Black Country Development Corporation
- Formation: 1987
- Dissolved: 1998
- Headquarters: Sandwell, Walsall
- Chair: Sir William Francis George Carter
- Chief executive: David Morgan

= Black Country Development Corporation =

English urban development corporation

The Black Country Development Corporation was an urban development corporation established in May 1987 to develop land in the Metropolitan Boroughs of Sandwell and Walsall in England.

==History==
The corporation was established as part of an initiative by the future Deputy Prime Minister, Michael Heseltine, in May 1987 during the Second Thatcher ministry. Board members were directly appointed by the minister and overrode local authority planning controls to spend government money on infrastructure. This was a controversial measure in Labour strongholds such as East London, Merseyside and North East England.

Its flagship developments included the Black Country Spine Road, which connected access roads for derelict industrial sites near Bilston with junction 1 of the M5 motorway. During its lifetime 11900000 sqft of non-housing development and 3,774 housing units were built. Around 21,440 new jobs were created and some £1,150m of private finance was leveraged in. Circa 988 acre of derelict land was reclaimed and 24 mi of new road and footpaths put in place.
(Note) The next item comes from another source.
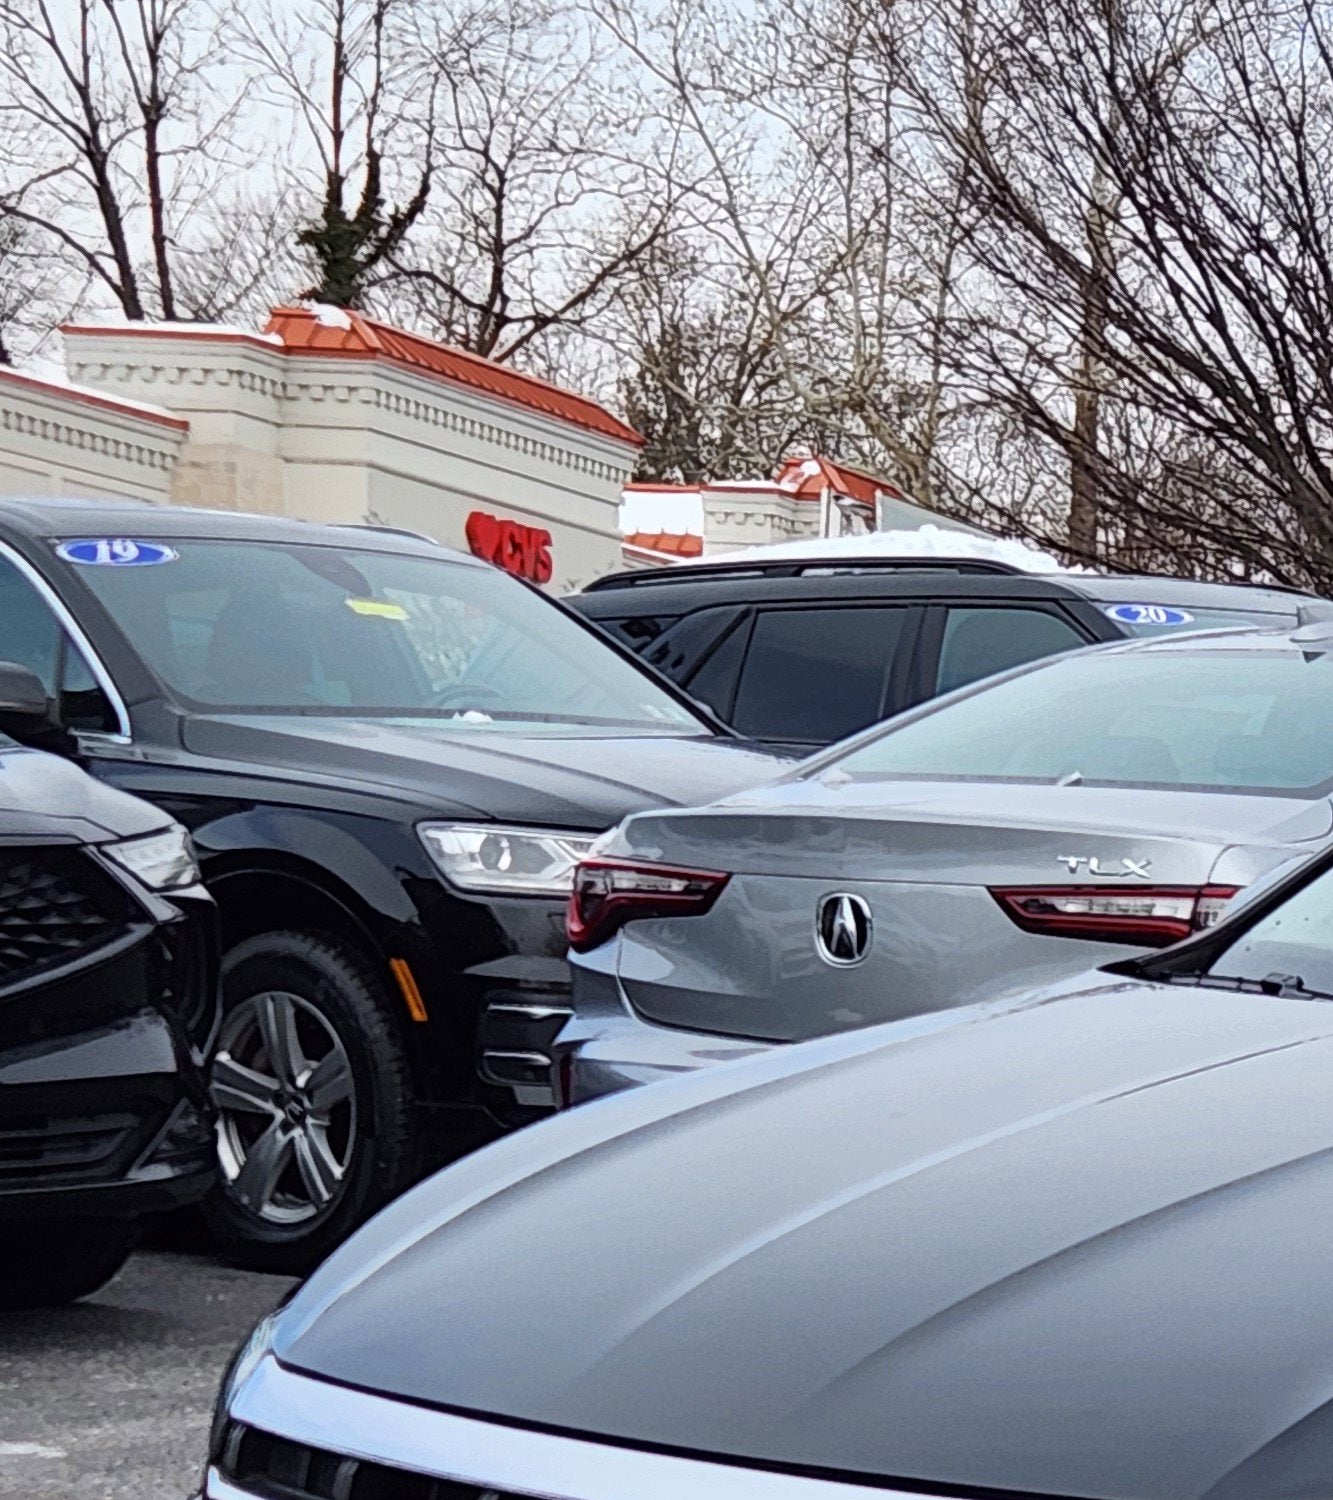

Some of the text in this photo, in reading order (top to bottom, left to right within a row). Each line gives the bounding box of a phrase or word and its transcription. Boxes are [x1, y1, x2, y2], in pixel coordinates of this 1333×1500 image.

The Black Country Spine Road was notable for providing the area around Wednesbury with a dual carriageway as well as reducing congestion on the narrower roads which surrounded it. The new road, which was opened in two phases in 1995, also freed up several square miles of previously inaccessible land which was soon developed for industrial and commercial use. The Chairman was Sir William Francis and, subsequently, George Carter and the Chief Executive was David Morgan. It was dissolved in 1998.